Il y a donc une topologie du signifiant, à savoir que le langage humain est un espace structuré. La nature purement négative des unités signifiantes impose de concevoir le lieu de l’Autre, du langage comme un espace ouvert, i .e. ne contenant pas sa limite (cf le dictionnaire) et continu. Pour nous, « différent de lui-même » signifie qu’un signifiant défini de cette façon ne saurait être un objet de la réalité. 

Ensuite, deux dimensions suffisent pour inscrire l’espace du langage qui n’a que deux axes : synchronie et diachronie. Si l’inconscient est structuré comme un langage, on peut se servir de surfaces (R2) pour modéliser l’inconscient. 

Surtout c’est un espace qui souffre d’incomplétude i.e. il ne possède pas de preuve de sa consistance. C’est pourquoi se pose la question de la vérité. Il ne saurait y avoir de vrai sur le vrai, de garantie, interne au langage, de la vérité. En fin de compte celle-ci s’appuie sur la jouissance : c’est vrai parce que je le sens comme ça. Ce pourquoi la seule issue favorable d’une dispute conjugale est le lit. C’est vrai au moins pour ceux qui ont constitué un fantasme fondamental et s’en appuie. Sinon ça peut aller au meurtre.

Topologie du signifiant dans un espace régi par le fantasme

Le fantasme inconscient est un espace fait de langage autour d’un morceau de jouissance ($◊a).

Dans le fantasme névrotique écrit ($◊a), a est la cause du désir du sujet, donc de son existence, en tant qu’il est cédé et a été refoulé dans l’inconscient d’où il oriente les actes et les pensées du sujet. Le névrosé ne sait pas ce qui l’oriente dans sa vie et ça l’amène parfois à faire une psychanalyse pour se mettre au clair avec cet objet.

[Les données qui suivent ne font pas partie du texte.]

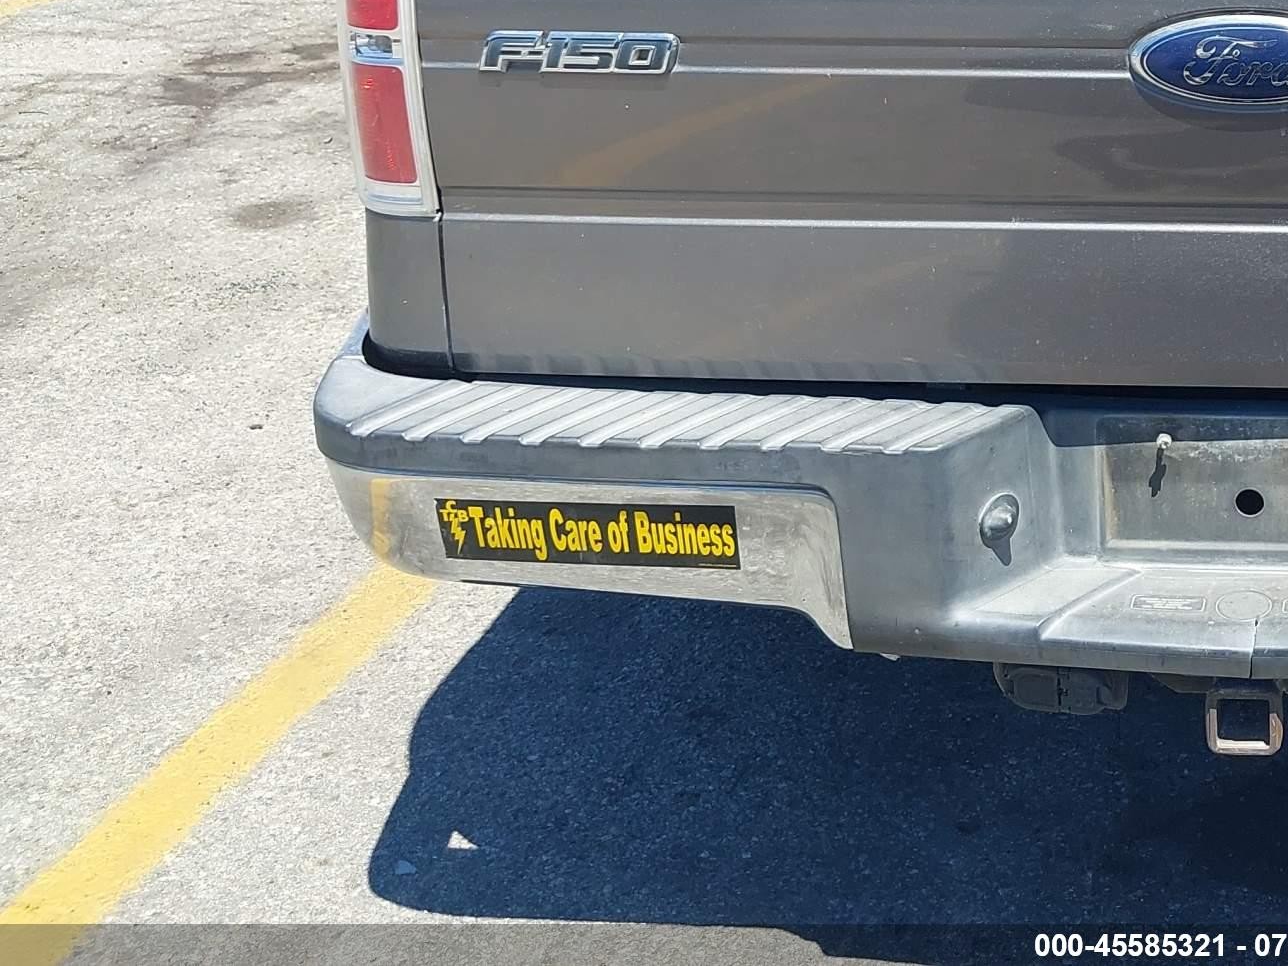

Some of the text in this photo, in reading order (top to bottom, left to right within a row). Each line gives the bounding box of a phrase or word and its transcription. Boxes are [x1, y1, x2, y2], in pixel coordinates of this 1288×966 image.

[479, 30, 681, 74] F-150
[467, 506, 735, 561] Taking Care of Business

Ce qui est important est que cet objet est hétérogène au signifiant, d’une autre structure. L’espace qu’il occupe par son vide ne peut être rempli de sons ou de sens. C’est pourquoi le névrosé est protégé assez largement contre le fait d’être éjecté réellement de la condition humaine. 

Voici comment, avec Lacan, on peut se représenter l’espace du fantasme. 

L’idée est que dans l’inconscient névrotique, i.e. organisé par le fantasme, non seulement le signe linguistique (signifiant sur signifié) n’est qu’une pure différence des autres signes de la langue mais qu’il est identique à son contraire. Freud, qui avait noté que l’inconscient ignore la contradiction, pensait s’appuyer sur  « Le double sens des mots primitifs ». C’était une fausse piste. Mais ce double sens existe bien « normalement ». Par exemple si je dis à mon fils qui vient de faire une bêtise : « Ah ! C’est intelligent ! », normalement il devrait comprendre que je dis le contraire. On connaît le crime de lèse-majesté. Si vous dites « Le roi n’est pas un salaud » ça vous coûtera le même prix que de dire qu’il est un salaud. Il y a aussi cette idée que la reconnaissance de l’Ics commence par la négation. « Cette femme dans mon rêve, ce n’est pas ma mère… », donc c’est elle ! dit Freud. Ce n’est pas à faire systématiquement. Quand une unité de langage est un signifiant alors elle est non seulement équivoque mais aussi « oxymore », douce-amère.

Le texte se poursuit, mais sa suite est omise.